Wir GRÜNE unterstützen die Förderung von sozialen und ökologischen Mindeststandards. Unser Ziel ist es, mittel- und langfristig solche Standards in der Welthandelsorganisation zu verankern. Den Handel mit "Fairen Produkten" wollen wir aktiv stärken. Deshalb wollen wir darauf hinwirken, dass in der deutschen Verwaltung bevorzugt fair gehandelte Produkte eingesetzt werden.

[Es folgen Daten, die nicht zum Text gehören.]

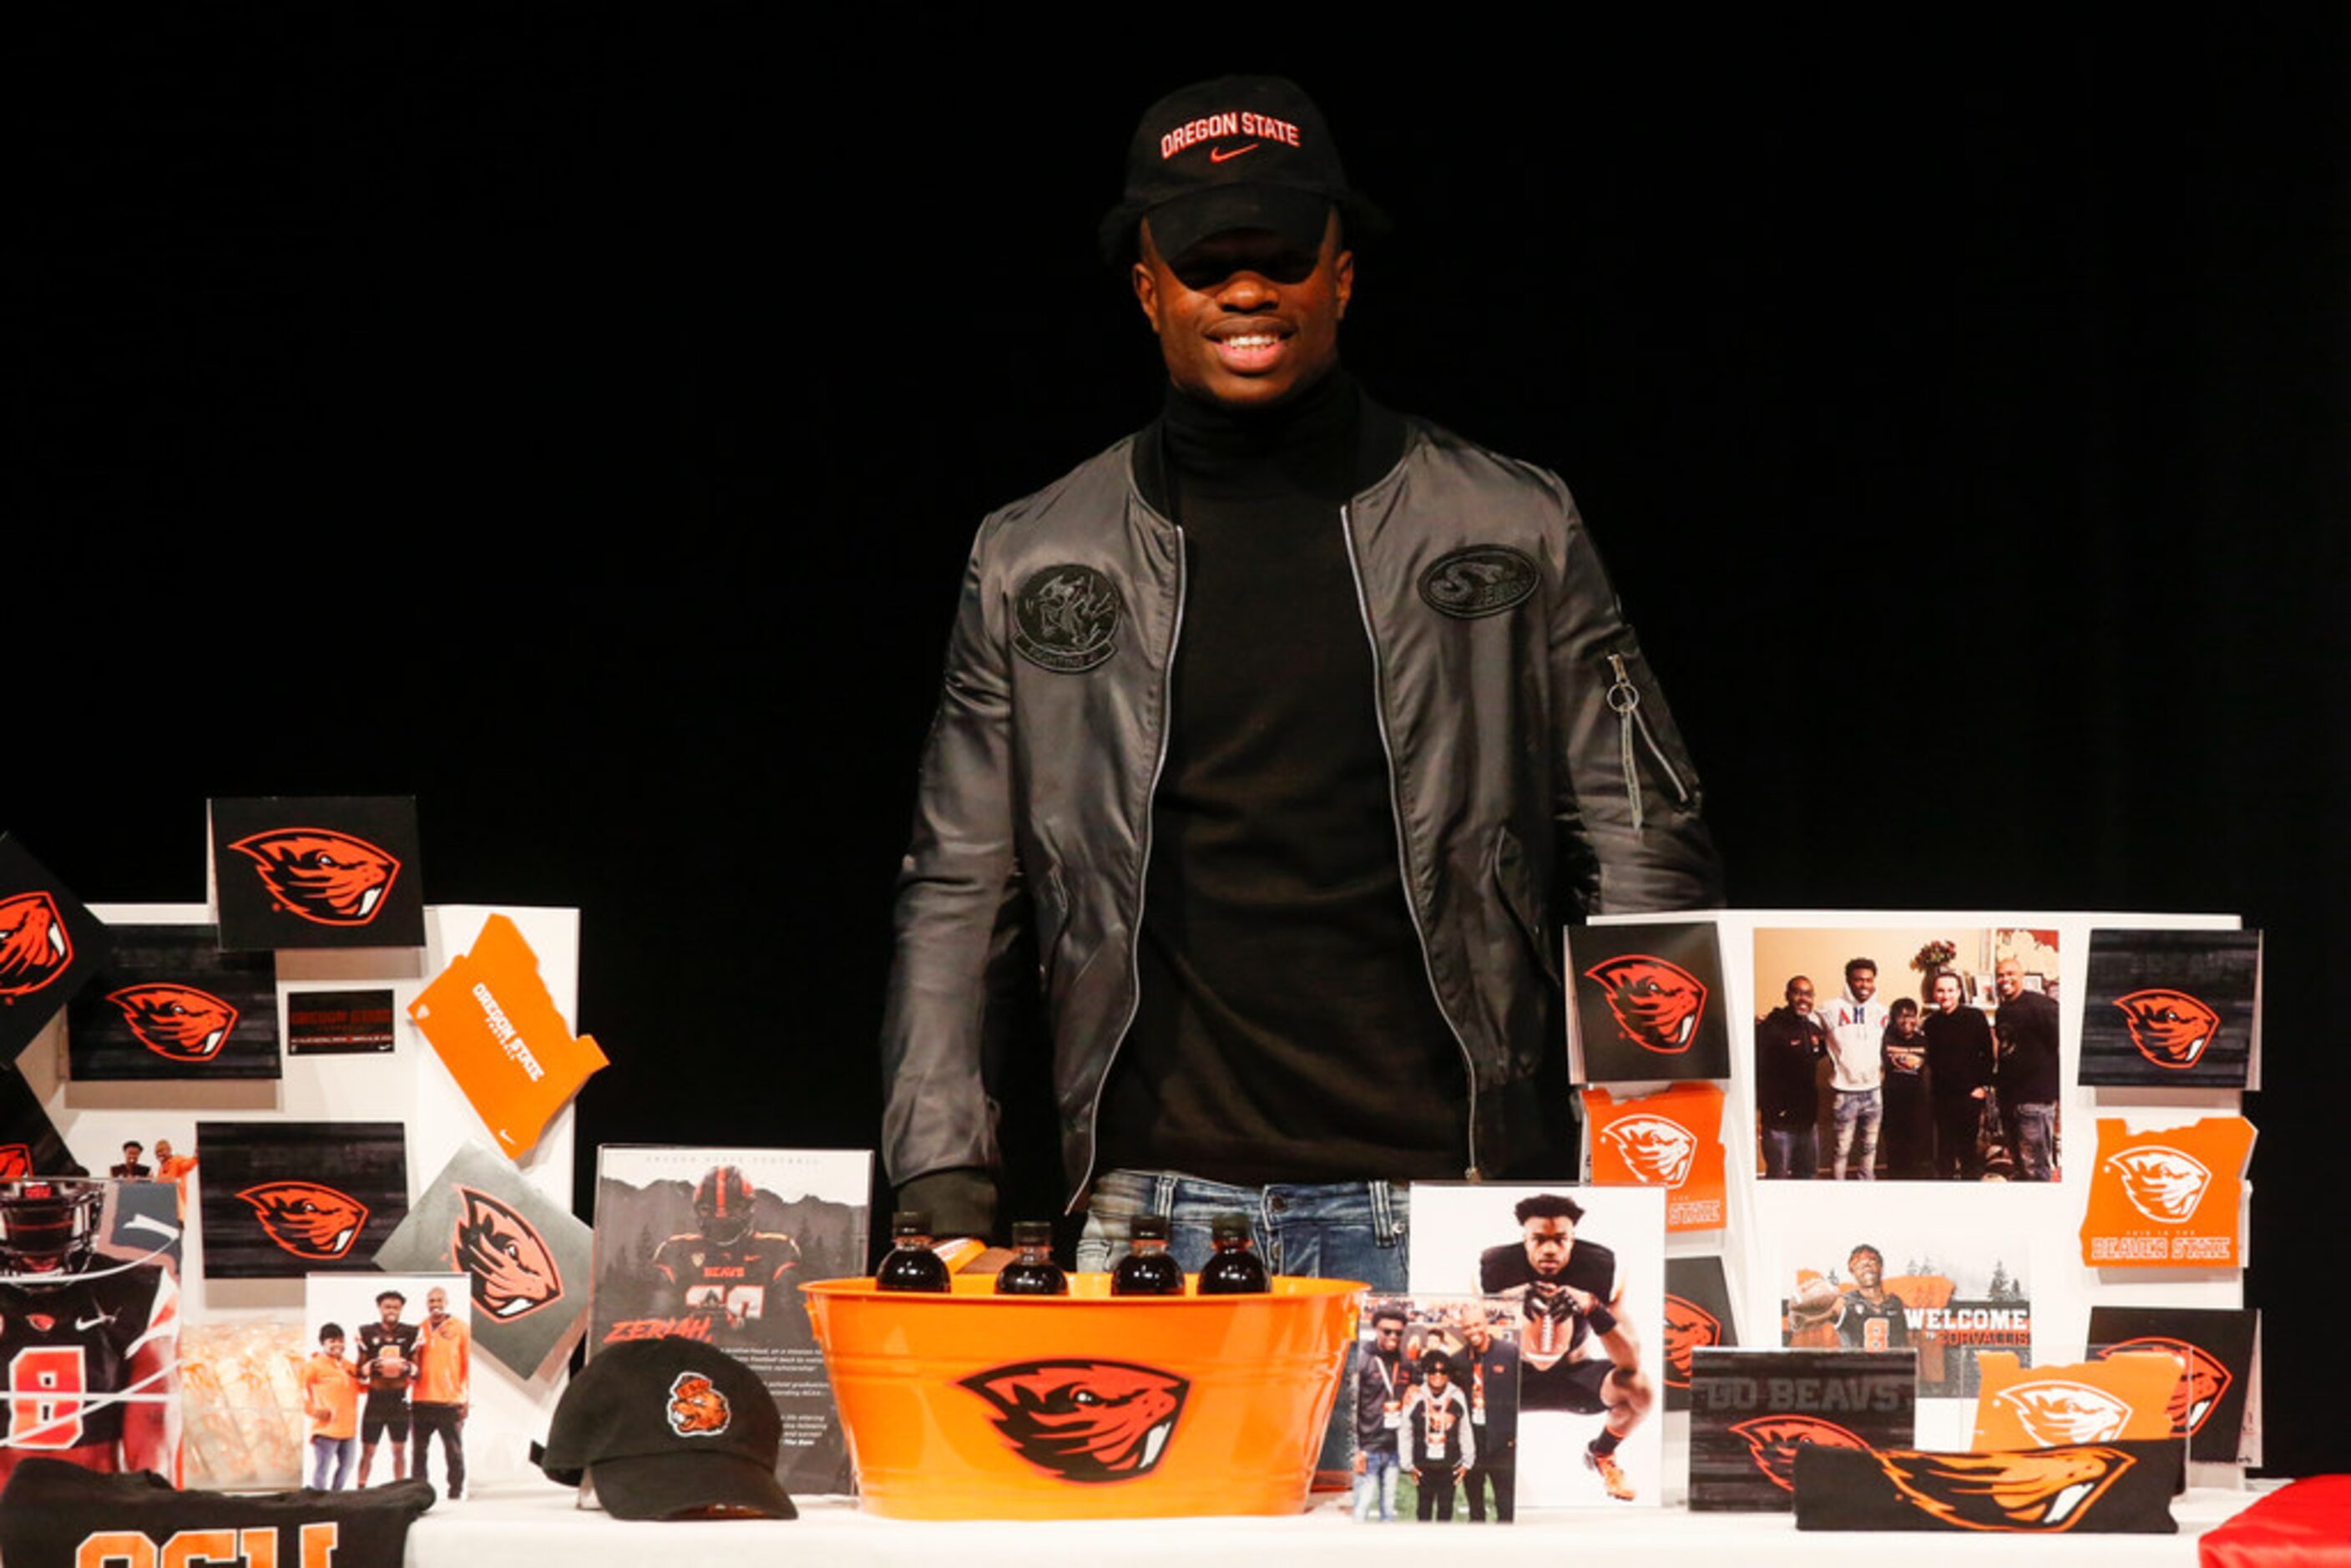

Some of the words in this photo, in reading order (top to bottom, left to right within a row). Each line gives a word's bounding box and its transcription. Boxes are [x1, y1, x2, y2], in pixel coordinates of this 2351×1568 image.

Wir wollen Ernährungssicherheit und das Menschenrecht auf Ernährung in den internationalen Verhandlungen ebenso sicherstellen wie den Zugang zu sauberem Wasser, zu lebensnotwendigen Medikamenten, zu Verhütungsmitteln und zu Saatgut. Die Millenniumsziele haben sich vor allem in der Politik von IWF und Weltbank noch nicht hinreichend niedergeschlagen. Das muss sich ändern. Entwicklungsländer brauchen Handlungsspielräume.
Weder die Industriestaaten noch die Entwicklungsländer und ihre Regierungen sind dabei aus der Verantwortung zu entlassen. Gutes Regieren (good governance) und die Bekämpfung der Korruption sind zentrale Voraussetzungen für erfolgreiche Entwicklung und sollten bei weiterem Schuldenerlass berücksichtigt werden. Die zur Korruptionsbekämpfung erforderliche Transparenz ist eine Forderung nicht nur an die Entwicklungsländer, sondern auch an die dort operierenden internationalen Konzerne. Ohne die Einbeziehung der Geschlechterperspektive und ohne die Durchsetzung von Frauenrechten lassen sich Demokratie und Entwicklung nicht verwirklichen. Deswegen wollen wir diese Perspektive konsequent auf europäischer und internationaler Ebene stärken.
Das G8-Ergebnis zum Thema Schuldenerlass geht aus meiner Sicht in die richtige Richtung, darf aber nicht darüber hinweg täuschen, dass sich die internationale Gemeinschaft intensiver mit den Ursachen der Schuldenkrise beschäftigen und auch die Einführung eines Insolvenzrechts für Staaten wieder auf die Tagesordnung nehmen muss. Bei den Themen Agrarsubventionen und Klimaschutz sind die G8-Führer eher vage geblieben: Doch für die Zukunft Afrikas und der Entwicklungsländer anderer Kontinente ist die Frage, ob die Agrarsubventionen der reichen Nationen abgeschafft und die Klimaveränderung gestoppt werden können, existentiell.
Im Jahr 2000 haben einige afrikanische Staaten die "Neue Partnerschaft für die Entwicklung Afrikas (NEPAD)" auf den Weg gebracht. Heute sind die ersten Ergebnisse erkennbar: Eine zunehmende Anzahl afrikanischer Länder akzeptiert zivilgesellschaftliche demokratische Selbstkontrolle und macht Schritte in Richtung "good governance", Korruptionsbekämpfung und Stärkung der Frauenrechte. Wir setzen auf den Dialog auf gleicher Augenhöhe und auf eine Politik, die unseren reformorientierten Partnern mit Respekt begegnet.